#### PROBLEM DETAILS
Reproduce every line of the data, exactly and without its pictures.

(Stored records)
------------------------
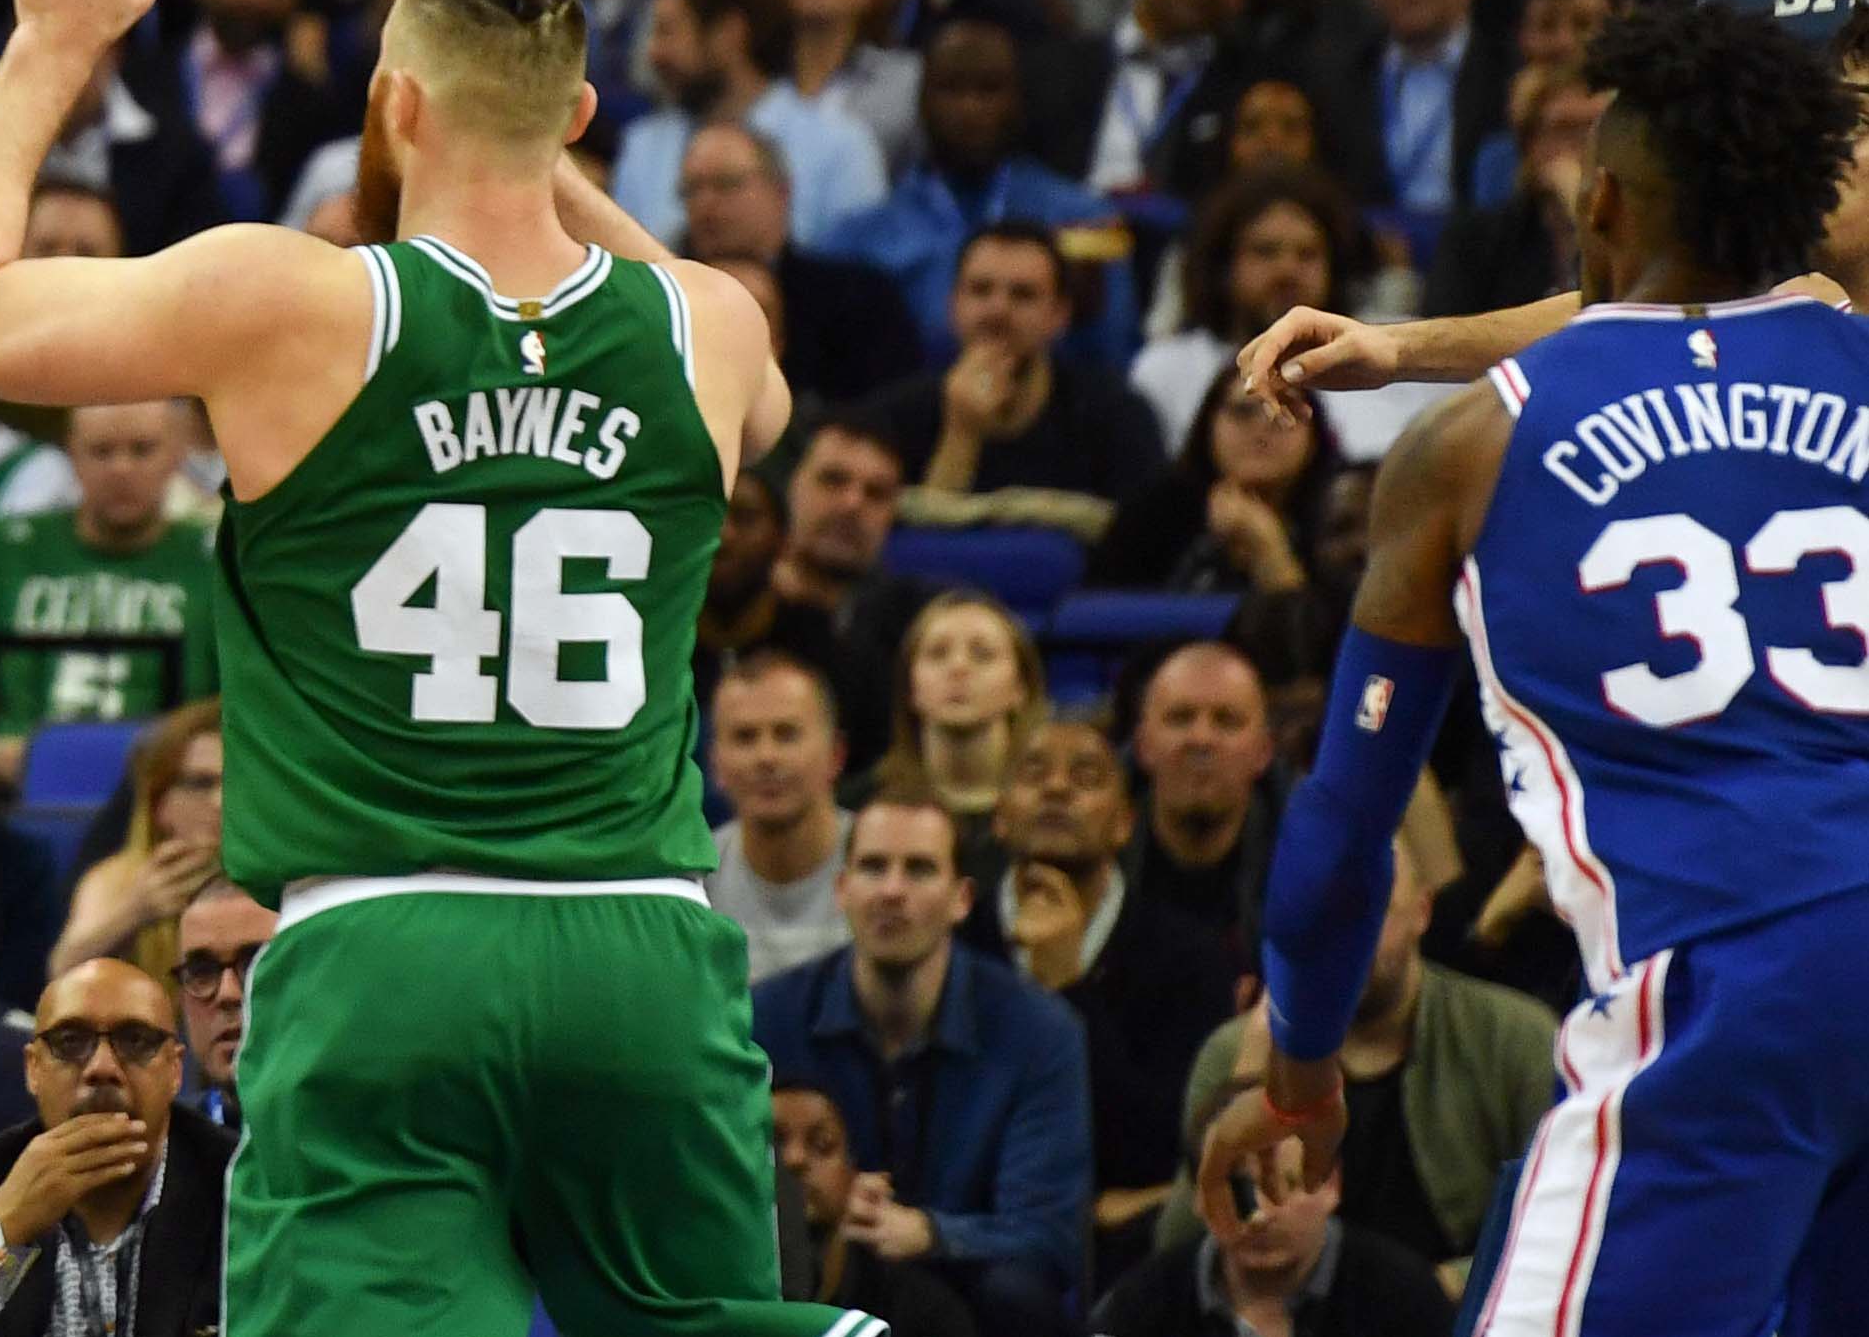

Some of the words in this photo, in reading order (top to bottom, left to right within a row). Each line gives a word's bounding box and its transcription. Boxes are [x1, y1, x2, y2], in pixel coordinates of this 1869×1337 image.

[412, 386, 642, 480] BAYNES
[1542, 382, 1869, 506] COVINGTON
[350, 502, 653, 731] 46
[1577, 505, 1869, 728] 33
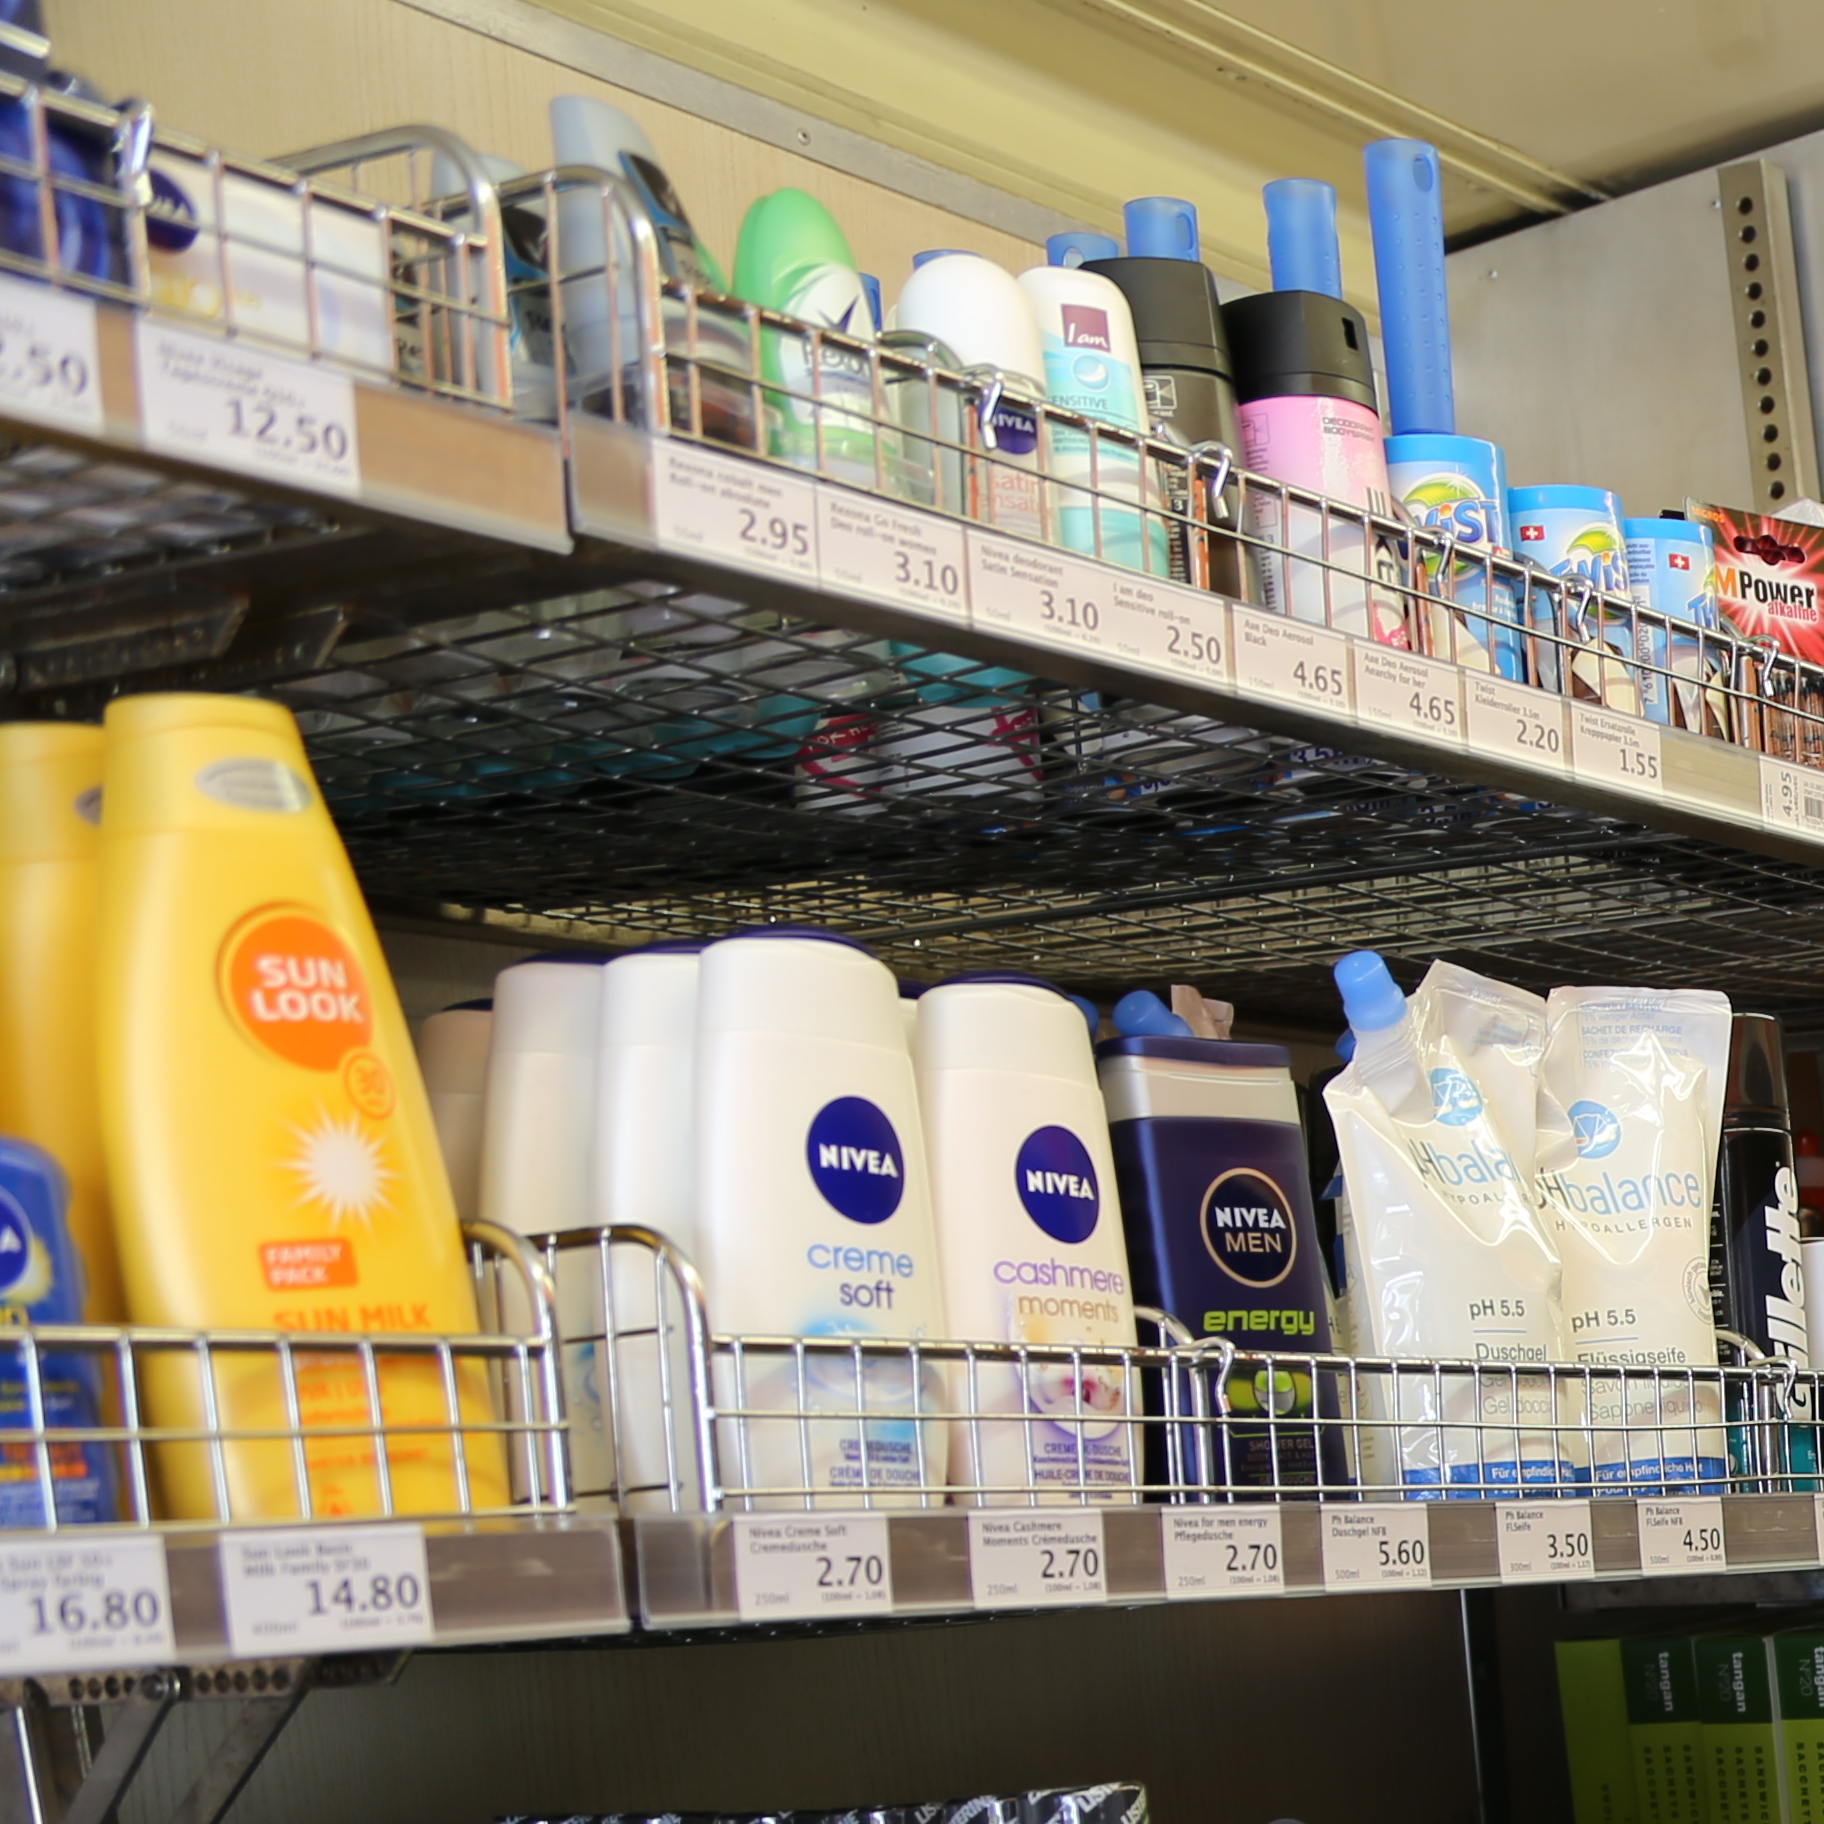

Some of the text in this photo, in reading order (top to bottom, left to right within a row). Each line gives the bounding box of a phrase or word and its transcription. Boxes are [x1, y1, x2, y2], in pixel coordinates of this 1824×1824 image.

[227, 399, 348, 460] 12.50
[738, 508, 809, 555] 2.95
[894, 550, 958, 596] 3.10
[1040, 590, 1099, 631] 3.10
[1768, 601, 1817, 622] alkaline
[1166, 625, 1221, 665] 2.50
[1293, 660, 1343, 696] 4.65
[1409, 691, 1455, 725] 4.65
[1516, 719, 1559, 753] 2.20
[1619, 749, 1658, 779] 1.55
[255, 954, 348, 990] SUN
[252, 989, 365, 1024] LOOK
[818, 1143, 899, 1178] NIVEA
[1025, 1169, 1095, 1201] NIVEA
[1214, 1205, 1287, 1230] NIVEA
[265, 1243, 343, 1267] FAMILY
[1224, 1231, 1282, 1254] MEN
[270, 1263, 329, 1285] PACK
[806, 1242, 914, 1278] creme
[993, 1257, 1125, 1295] cashmere
[838, 1278, 895, 1310] soft
[1017, 1294, 1119, 1324] moments
[1469, 1298, 1525, 1320] pH 5.5
[1202, 1309, 1316, 1337] energy
[1571, 1308, 1636, 1332] pH 5.5
[981, 1520, 1062, 1533] Nivea Cashmere
[1173, 1517, 1269, 1529] Nivea for men energy
[1174, 1529, 1234, 1542] Pflegedusche
[1378, 1539, 1425, 1566] 5.60
[1546, 1533, 1588, 1559] 3.50
[1682, 1528, 1721, 1551] 4.50
[815, 1554, 883, 1587] 2.70
[1039, 1548, 1099, 1578] 2.70
[1224, 1543, 1278, 1573] 2.70
[307, 1574, 420, 1616] 14.80
[30, 1588, 160, 1637] 16.80
[1658, 1652, 1674, 1713] tangan
[1732, 1652, 1747, 1713] tangan
------------------------
#### ANSWER FOR THE TASK
Some of the words in this photo, in reading order (top to bottom, left to right within a row). Each line gives a word's bounding box and its transcription. Boxes are [x1, y1, x2, y2], in pixel coordinates of this 1869×1337 image.

[412, 386, 642, 480] BAYNES
[1542, 382, 1869, 506] COVINGTON
[350, 502, 653, 731] 46
[1577, 505, 1869, 728] 33

Some of the text in this photo, in reading order (top to bottom, left to right within a row). Each line gives the bounding box of a phrase or word and its transcription. Boxes are [x1, y1, x2, y2], in pixel coordinates of this 1824×1824 image.

[227, 399, 348, 460] 12.50
[738, 508, 809, 555] 2.95
[894, 550, 958, 596] 3.10
[1040, 590, 1099, 631] 3.10
[1768, 601, 1817, 622] alkaline
[1166, 625, 1221, 665] 2.50
[1293, 660, 1343, 696] 4.65
[1409, 691, 1455, 725] 4.65
[1516, 719, 1559, 753] 2.20
[1619, 749, 1658, 779] 1.55
[255, 954, 348, 990] SUN
[252, 989, 365, 1024] LOOK
[818, 1143, 899, 1178] NIVEA
[1025, 1169, 1095, 1201] NIVEA
[1214, 1205, 1287, 1230] NIVEA
[265, 1243, 343, 1267] FAMILY
[1224, 1231, 1282, 1254] MEN
[270, 1263, 329, 1285] PACK
[806, 1242, 914, 1278] creme
[993, 1257, 1125, 1295] cashmere
[838, 1278, 895, 1310] soft
[1017, 1294, 1119, 1324] moments
[1469, 1298, 1525, 1320] pH 5.5
[1202, 1309, 1316, 1337] energy
[1571, 1308, 1636, 1332] pH 5.5
[981, 1520, 1062, 1533] Nivea Cashmere
[1173, 1517, 1269, 1529] Nivea for men energy
[1174, 1529, 1234, 1542] Pflegedusche
[1378, 1539, 1425, 1566] 5.60
[1546, 1533, 1588, 1559] 3.50
[1682, 1528, 1721, 1551] 4.50
[815, 1554, 883, 1587] 2.70
[1039, 1548, 1099, 1578] 2.70
[1224, 1543, 1278, 1573] 2.70
[307, 1574, 420, 1616] 14.80
[30, 1588, 160, 1637] 16.80
[1658, 1652, 1674, 1713] tangan
[1732, 1652, 1747, 1713] tangan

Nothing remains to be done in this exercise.